> YOUR INSTRUCTIONS:
When you reach the line that contains "this 1512×1344 image." in the entries below, begin returning lines exactly as written and continue through the last one.
SUPPLIED MATERIAL below:
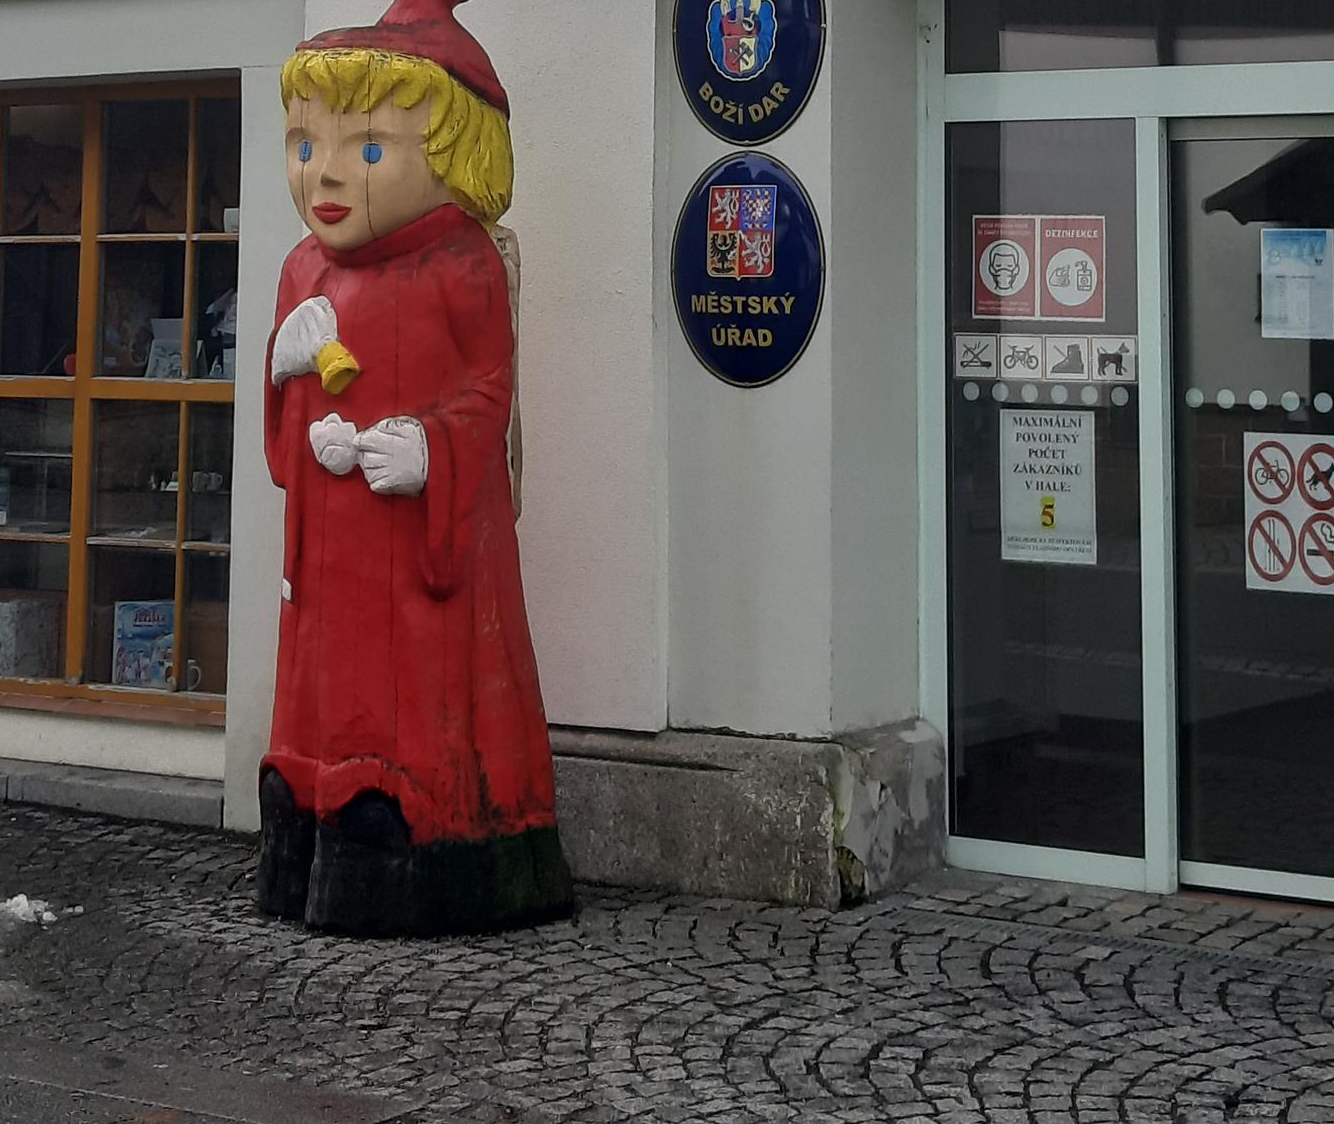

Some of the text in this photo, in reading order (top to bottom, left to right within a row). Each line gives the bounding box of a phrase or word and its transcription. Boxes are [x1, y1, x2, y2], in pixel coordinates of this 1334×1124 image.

[698, 81, 791, 125] BOŽÍ DAR
[1045, 229, 1099, 238] DEZINFEKCE
[690, 291, 796, 315] MĚSTSKÝ
[711, 323, 773, 347] ÚŘAD
[1012, 414, 1082, 429] MAXIMÁLNÍ
[1015, 431, 1080, 444] POVOLENÝ
[1028, 446, 1066, 460] POČET
[1012, 462, 1082, 476] ZÁKAZNÍKŮ
[1024, 480, 1071, 492] V HALE:
[1041, 503, 1055, 527] 5
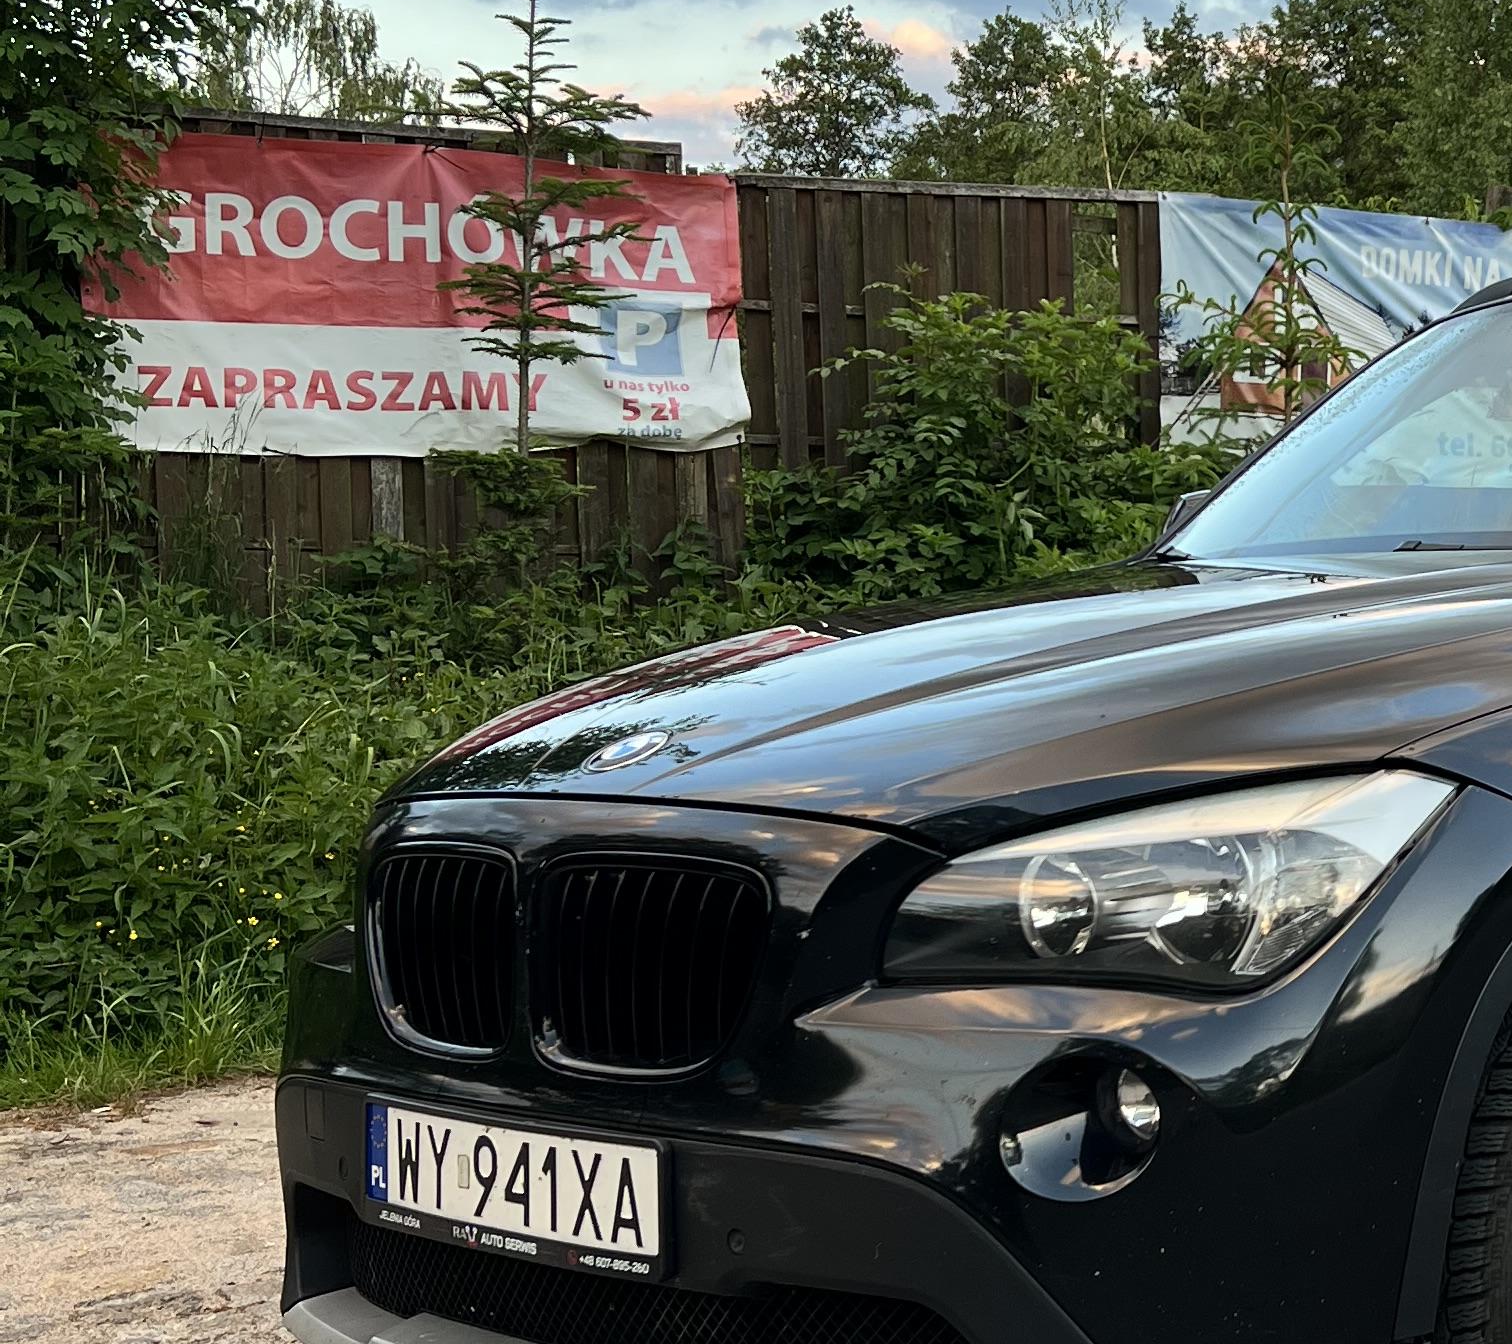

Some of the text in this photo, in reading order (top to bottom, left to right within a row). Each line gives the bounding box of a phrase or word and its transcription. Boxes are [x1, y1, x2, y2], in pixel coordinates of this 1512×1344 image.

[137, 189, 696, 285] GROCHÓWKA
[1360, 245, 1450, 287] DOMKI
[617, 309, 668, 366] P
[137, 365, 549, 412] ZAPRASZAMY
[603, 379, 690, 394] u nas tylko
[622, 396, 681, 422] 5 zł
[618, 426, 637, 438] za
[1438, 431, 1483, 457] tel.
[371, 1164, 386, 1189] PL
[397, 1118, 644, 1248] WY 941XA
[480, 1232, 504, 1249] AUTO
[504, 1237, 537, 1256] SERWIS
End of SUPPLIED MATERIAL.
> REPLY TO THE EXERCISE:
Some of the text in this photo, in reading order (top to bottom, left to right within a row). Each line gives the bounding box of a phrase or word and its transcription. Boxes are [x1, y1, x2, y2], in pixel coordinates of this 1512×1344 image.

[137, 189, 696, 285] GROCHÓWKA
[1360, 245, 1450, 287] DOMKI
[617, 309, 668, 366] P
[137, 365, 549, 412] ZAPRASZAMY
[603, 379, 690, 394] u nas tylko
[622, 396, 681, 422] 5 zł
[618, 426, 637, 438] za
[1438, 431, 1483, 457] tel.
[371, 1164, 386, 1189] PL
[397, 1118, 644, 1248] WY 941XA
[480, 1232, 504, 1249] AUTO
[504, 1237, 537, 1256] SERWIS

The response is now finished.